And just like water we vein this earth. We moisten the air with our bluster and effort. We are ice and we are vapour. We are pure and polluted and cleansing and defiled. We run hot and cold. We are capable of every nurturing gesture of goodness and growth. We are the litmus of life. We are poison. We are Oppenheimer and Orwell and the giant Orson Wells. We are Vishnu, the destroyer of worlds.
Āe. Ko wai tātou. We are water all right. And the sooner we get our heads around it, the better off we’ll be. Iwi know it already. Water as tūpuna. Water as taniwha. Water as taonga – you’d think it was obvious.
Water as whaea, the mother of life.
Tōku whaea, my own mother, she was a river Māori. Waikato taniwharau. She was first-language fluent. Her first religion was Pai Mārire. Her first motivation in life: to work. Do the mahi! Even if it kills you. That’s how you know you’re alive. She flourished and fought and worked all the way until it did indeed kill her, this fiery Māori woman from an old, old marae, born in a whare in a pā in the fog by the river.
She said when she was a little girl her dad used to laugh and say New Zealand was another country on the other side of the river across the Tainui bridge. He meant it. Waikato tēnei whenua. ‘This land is Waikato,’ he would say, pointing to the ground. It’s why she had to learn English, the language of the Pākehā world.
Her people, my people, were and are tribal. It’s where our whakapapa lives. Trials and travels, battles and wars, exile and survival. It’s te awa, the river, inextricably tied to our identity, which imbues our tribal character. It’s te maunga, the hill of bones that make up ancestry, and I can go there any time and say ‘I am’ and call it home if I want to. Tribalism is a refuge of identity and survival.
But we are under no illusions.
My tribe and I know exactly which century we live in.
You’ll be wondering by now where all this is going.

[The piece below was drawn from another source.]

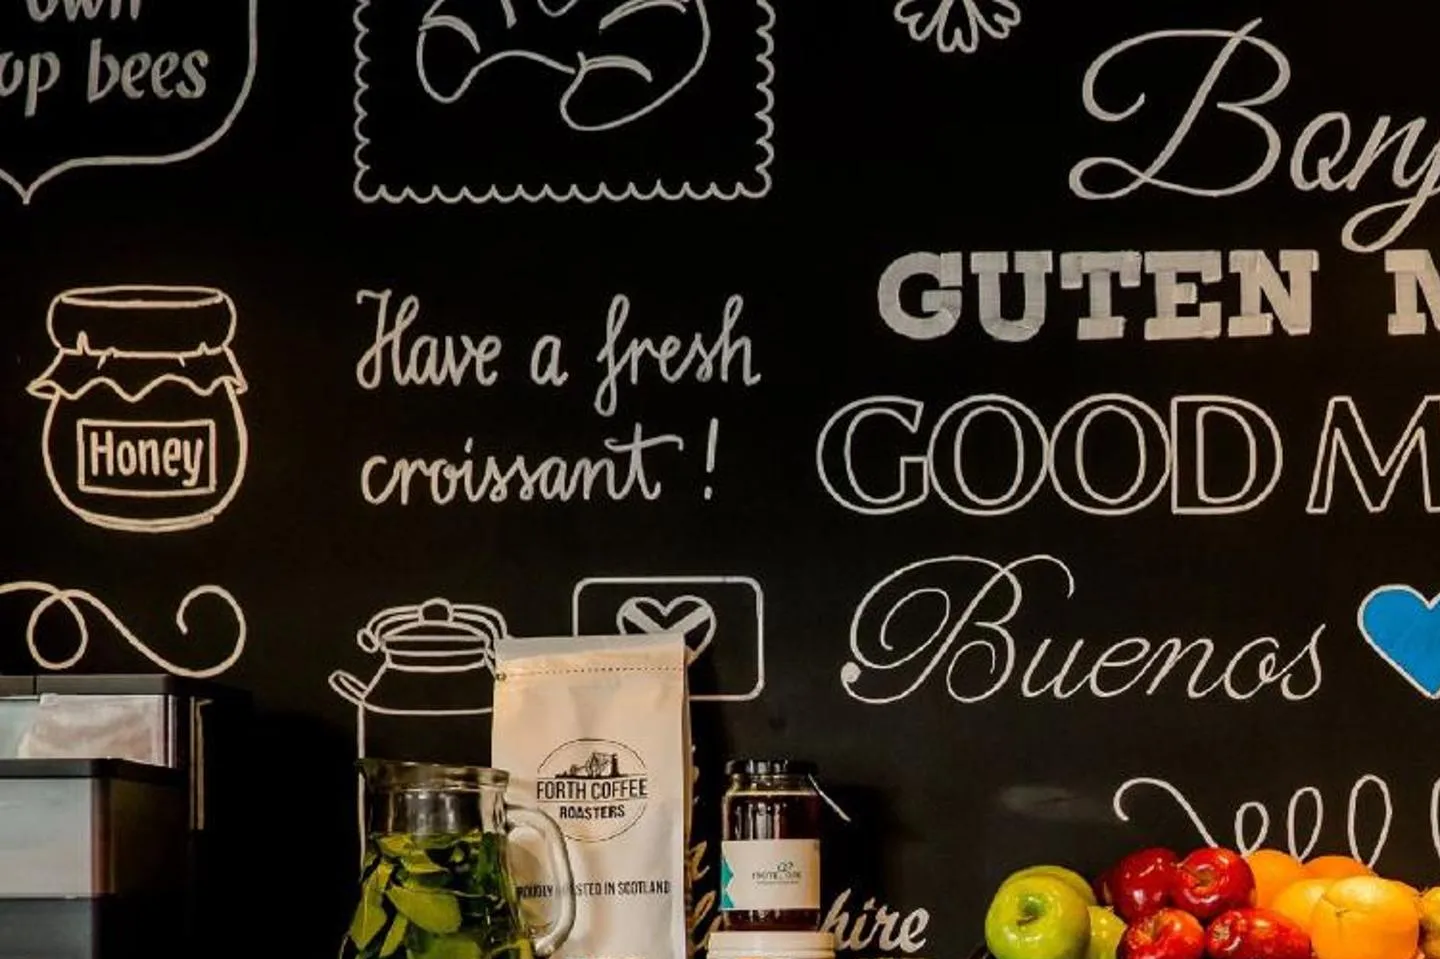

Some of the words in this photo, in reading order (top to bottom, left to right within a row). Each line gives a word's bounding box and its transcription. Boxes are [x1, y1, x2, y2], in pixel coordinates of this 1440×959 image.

Has Lawrence Patchett somehow tapped into my whakapapa? Is there some larger relevance to my personal story intervening in this literary review?
Well, yes. There has to be or the fiction – any fiction – isn’t working.
A post-apocalyptic scenario is nothing new. The world ends every day for some poor bastard somewhere. Waikato 1861, Syria, Afghanistan, South Sudan today, Christ knows where tomorrow except that it will be somewhere. What we make of the ashes and dust we are left with – that is the story.
The Burning River is a tribal landscape. Humanity has reverted to suit the terrain, digging up old gods to see if they still listen, repurposing them if they don’t. Here you are born to your station somewhere between the sea and the secretive watchers of the Scarp.
It’s Aotearoa but not as we know it.
Or maybe it just depends where you’re looking.
The story emerges from Te Repo: the swamp. Fetid, stagnant, miasmic, a-swarm with biting insects and creeping sickness. A place of ‘muddied and lost waters’, the ‘lowlands’ occupying a tenuous space between the lands of the dead and the living. Primordial alpha-omega.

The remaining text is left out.